Exercise details ::
Down to the last line, print the data that follows exactly, without its pictures.

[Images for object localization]
------------------------

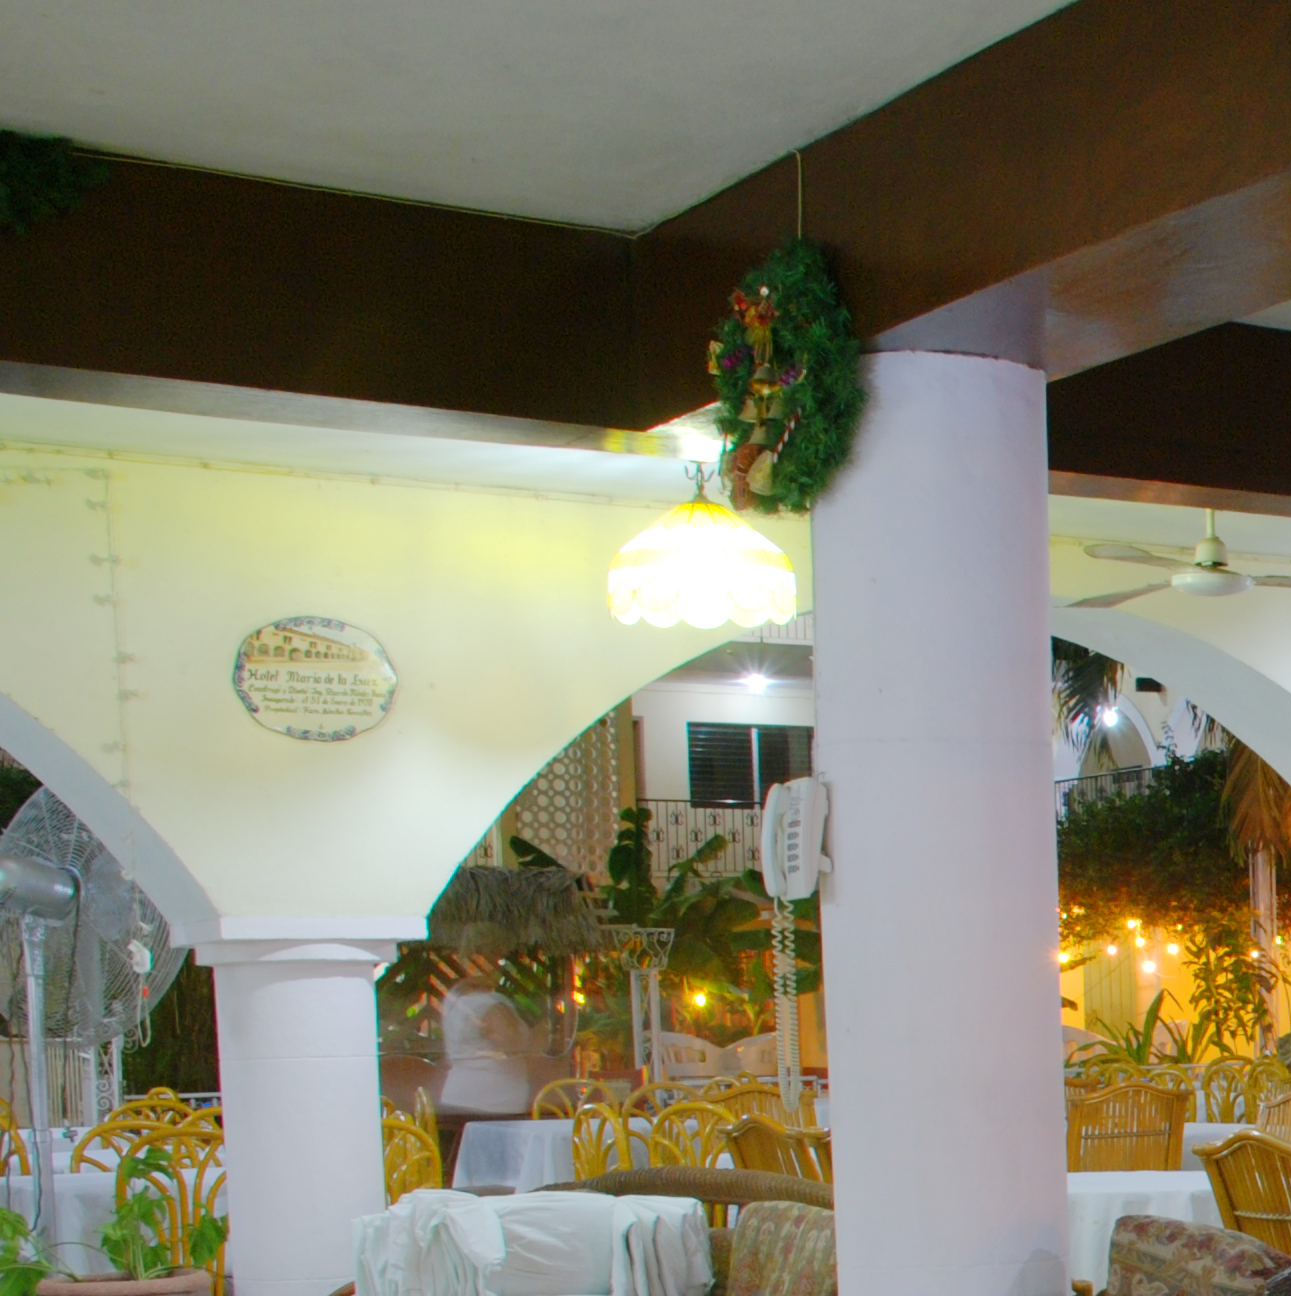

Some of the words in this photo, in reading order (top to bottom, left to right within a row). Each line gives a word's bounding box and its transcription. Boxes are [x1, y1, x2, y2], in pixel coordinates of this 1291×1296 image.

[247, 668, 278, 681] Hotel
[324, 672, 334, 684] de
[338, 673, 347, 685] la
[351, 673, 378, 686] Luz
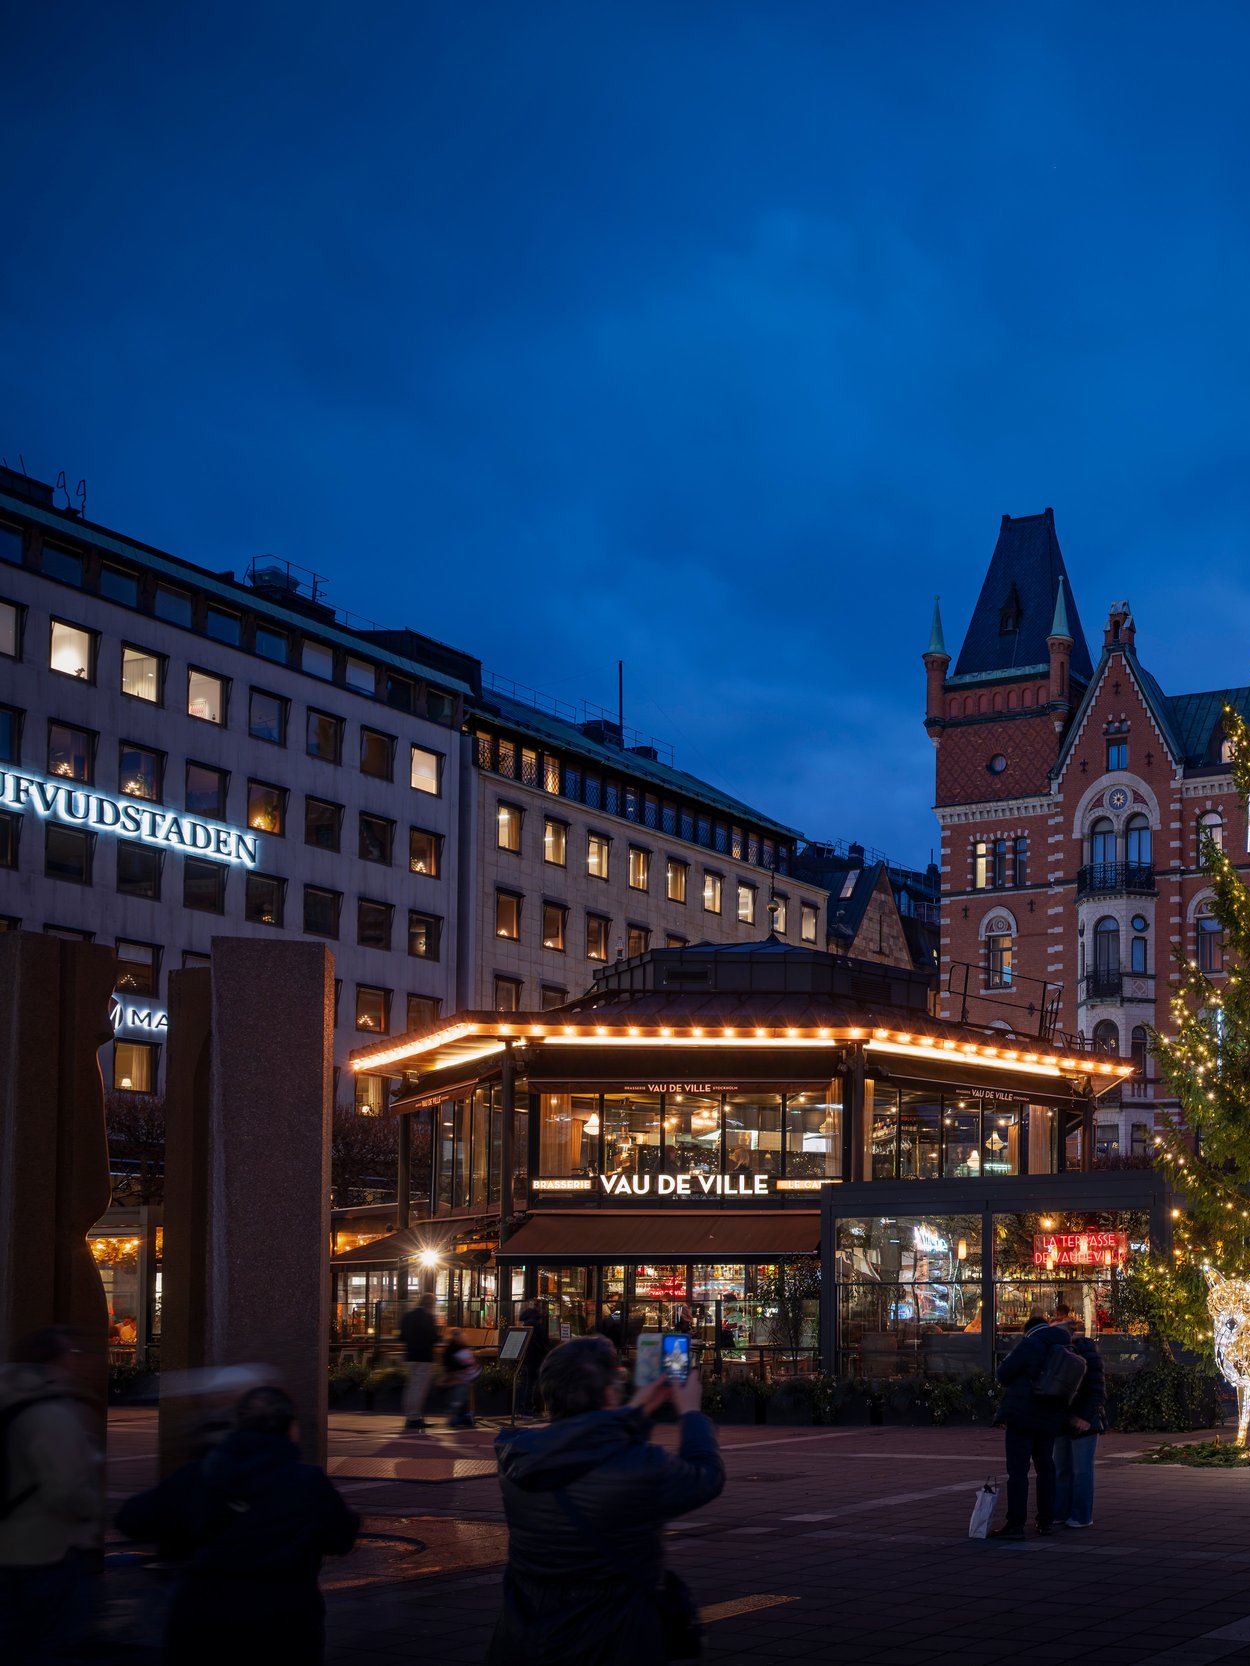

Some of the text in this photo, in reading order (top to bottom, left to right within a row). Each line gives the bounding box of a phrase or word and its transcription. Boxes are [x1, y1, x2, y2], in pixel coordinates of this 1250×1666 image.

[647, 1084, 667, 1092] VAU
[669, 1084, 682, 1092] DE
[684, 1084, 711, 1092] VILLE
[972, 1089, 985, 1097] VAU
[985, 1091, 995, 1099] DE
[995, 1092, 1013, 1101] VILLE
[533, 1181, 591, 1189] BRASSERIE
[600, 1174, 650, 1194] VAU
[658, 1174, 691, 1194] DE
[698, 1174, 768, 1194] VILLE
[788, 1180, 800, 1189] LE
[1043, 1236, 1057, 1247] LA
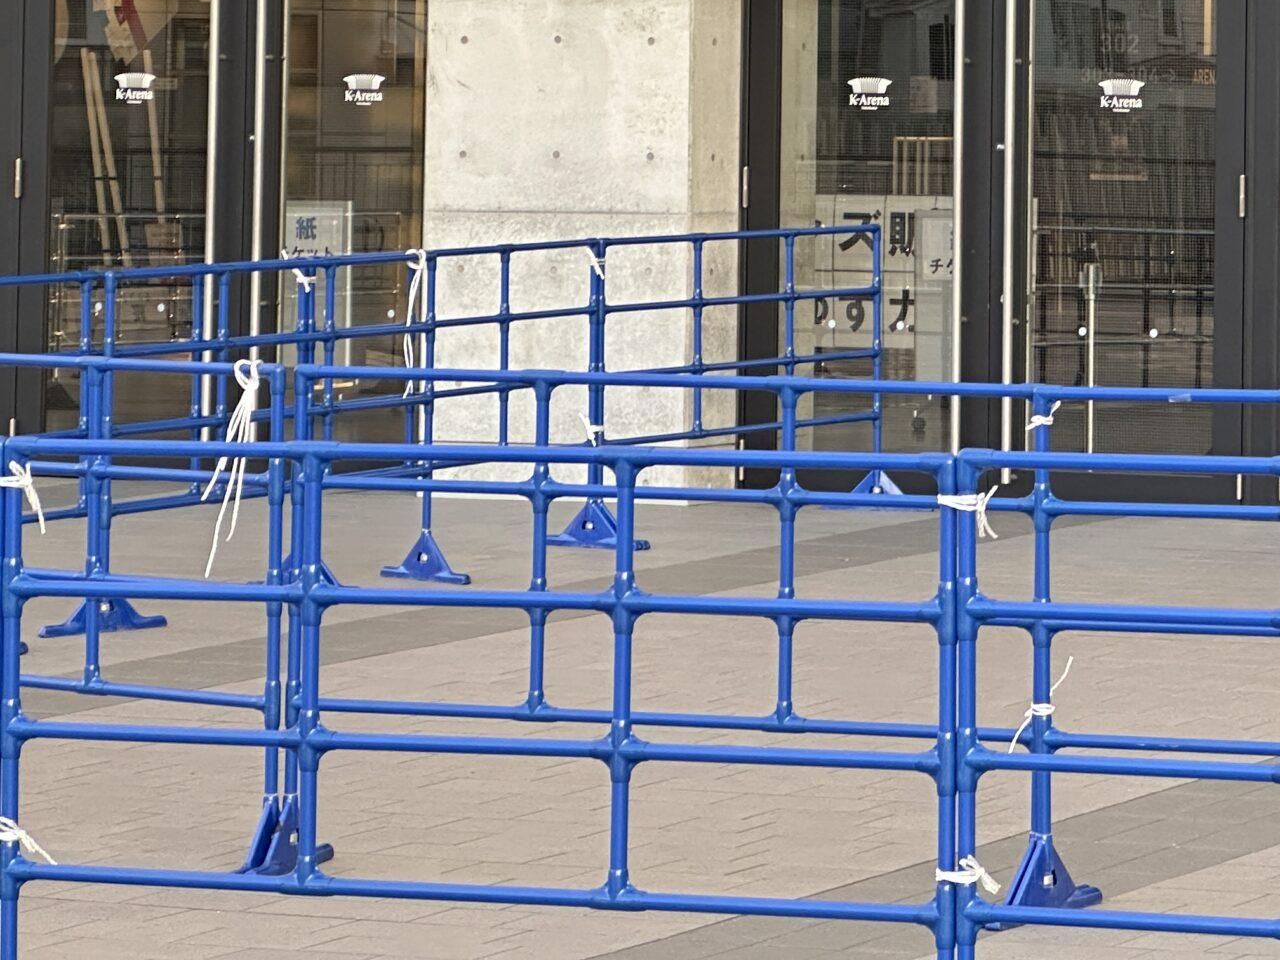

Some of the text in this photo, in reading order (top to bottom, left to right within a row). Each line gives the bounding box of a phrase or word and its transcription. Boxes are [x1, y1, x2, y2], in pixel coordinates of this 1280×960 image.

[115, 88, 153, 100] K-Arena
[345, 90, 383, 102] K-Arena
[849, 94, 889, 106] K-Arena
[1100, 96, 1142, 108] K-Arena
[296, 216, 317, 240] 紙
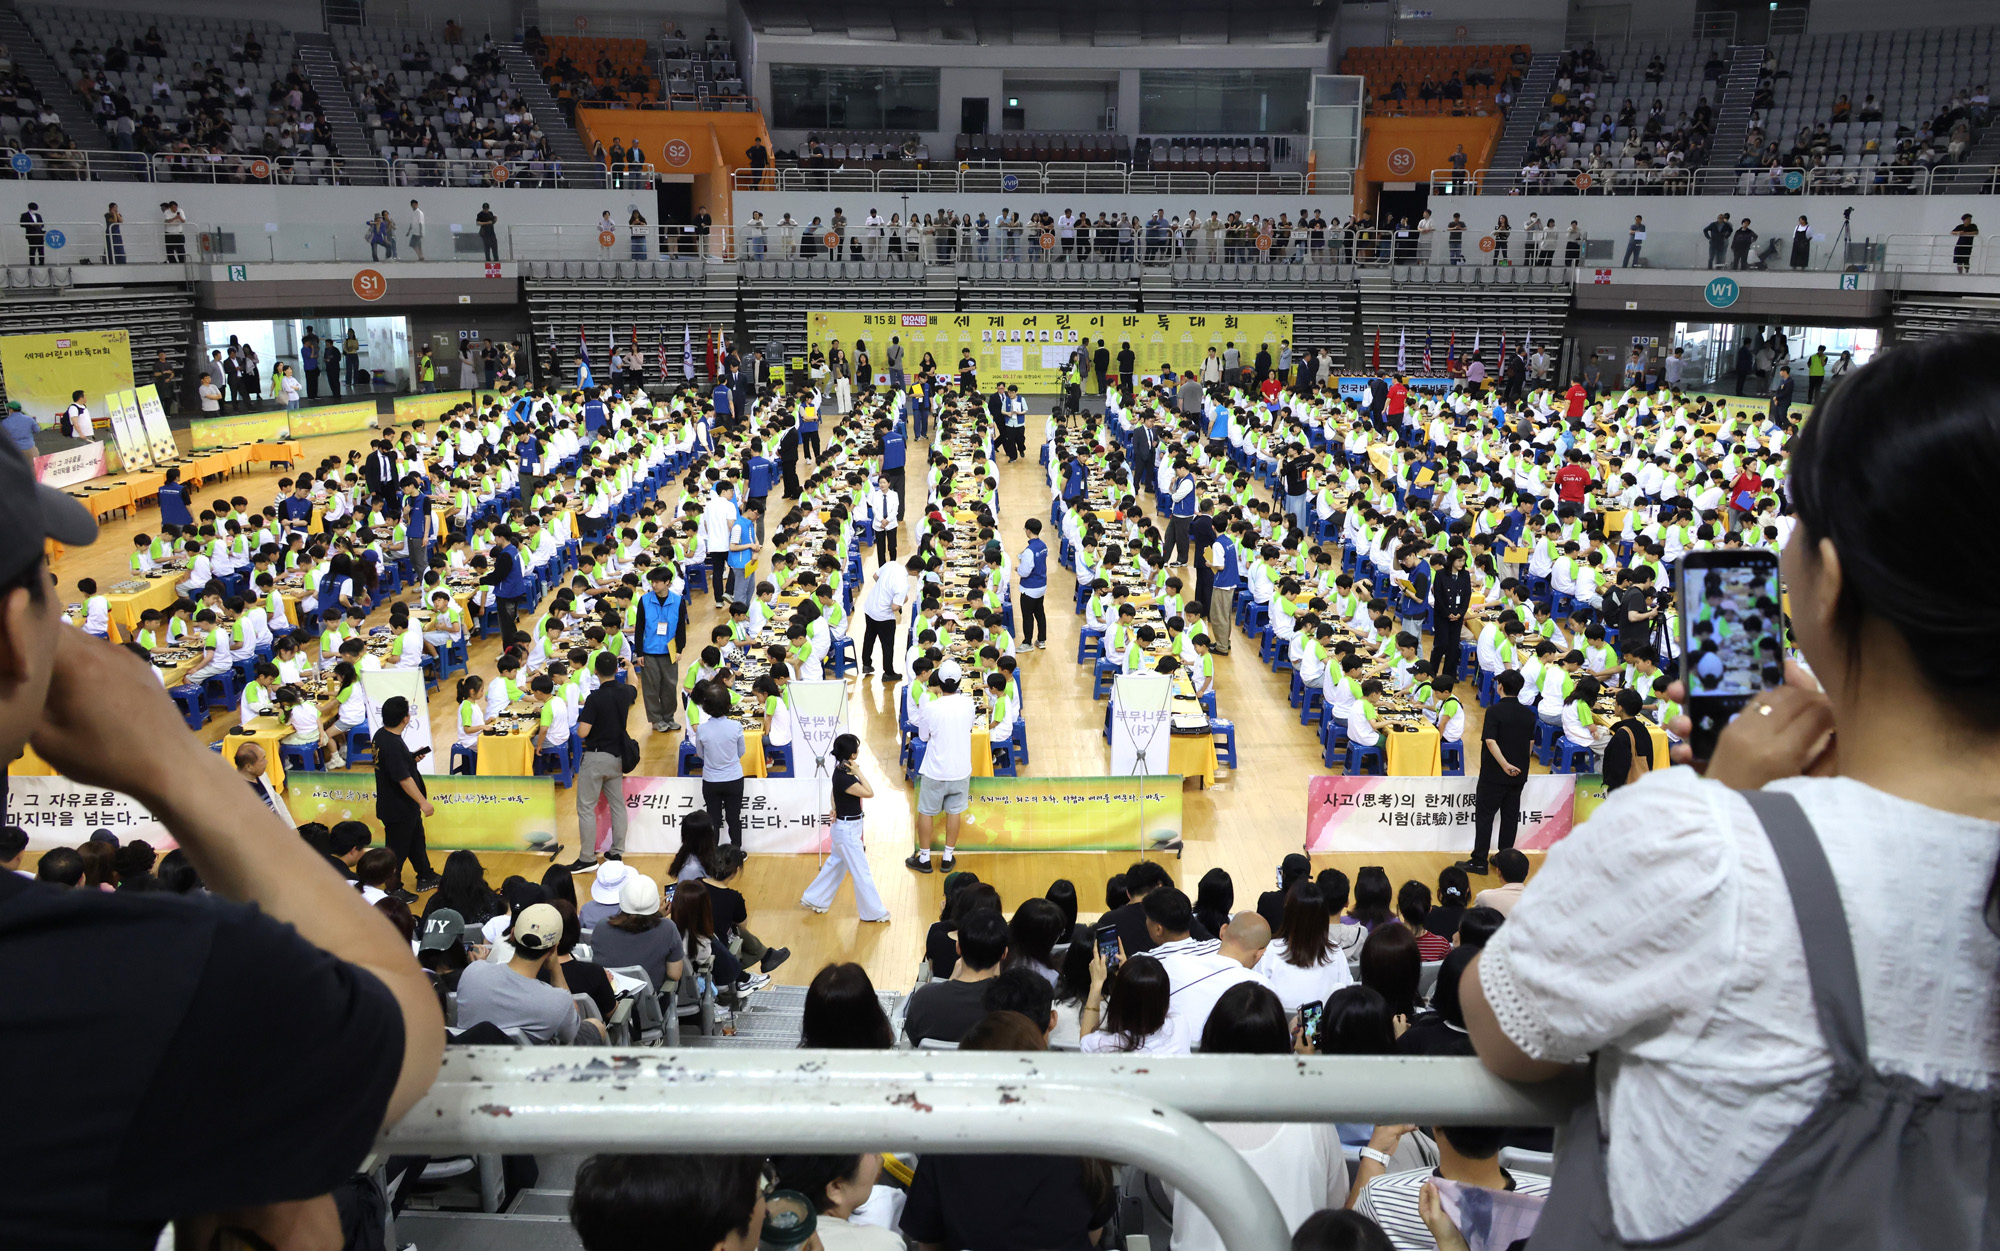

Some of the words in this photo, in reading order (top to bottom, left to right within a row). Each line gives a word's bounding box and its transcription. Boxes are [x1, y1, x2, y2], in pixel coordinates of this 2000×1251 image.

------------------------

Task answer ::
Some of the words in this photo, in reading order (top to bottom, left to right within a row). Each line gives a word's bounding box and its transcription. Boxes are [x1, y1, x2, y2], in pixel coordinates of this 1291×1296 image.

[247, 668, 278, 681] Hotel
[324, 672, 334, 684] de
[338, 673, 347, 685] la
[351, 673, 378, 686] Luz

Some of the text in this photo, in reading order (top to bottom, left to right within a row). Each line gives the bounding box of a phrase or word and its transcription. Boxes are [x1, y1, x2, y2], in pixel coordinates of this 1250×1666 image.

[647, 1084, 667, 1092] VAU
[669, 1084, 682, 1092] DE
[684, 1084, 711, 1092] VILLE
[972, 1089, 985, 1097] VAU
[985, 1091, 995, 1099] DE
[995, 1092, 1013, 1101] VILLE
[533, 1181, 591, 1189] BRASSERIE
[600, 1174, 650, 1194] VAU
[658, 1174, 691, 1194] DE
[698, 1174, 768, 1194] VILLE
[788, 1180, 800, 1189] LE
[1043, 1236, 1057, 1247] LA

Some of the text in this photo, in reading order (top to bottom, left to right within a row). Each line gives the bounding box of a phrase or word and its transcription. Boxes are [x1, y1, x2, y2], in pixel coordinates of this 1280×960 image.

[115, 88, 153, 100] K-Arena
[345, 90, 383, 102] K-Arena
[849, 94, 889, 106] K-Arena
[1100, 96, 1142, 108] K-Arena
[296, 216, 317, 240] 紙

Some of the words in this photo, in reading order (top to bottom, left to right within a row). Each line gives a word's bounding box and its transcription. Boxes are [x1, y1, x2, y2], in pixel coordinates of this 2000×1251 image.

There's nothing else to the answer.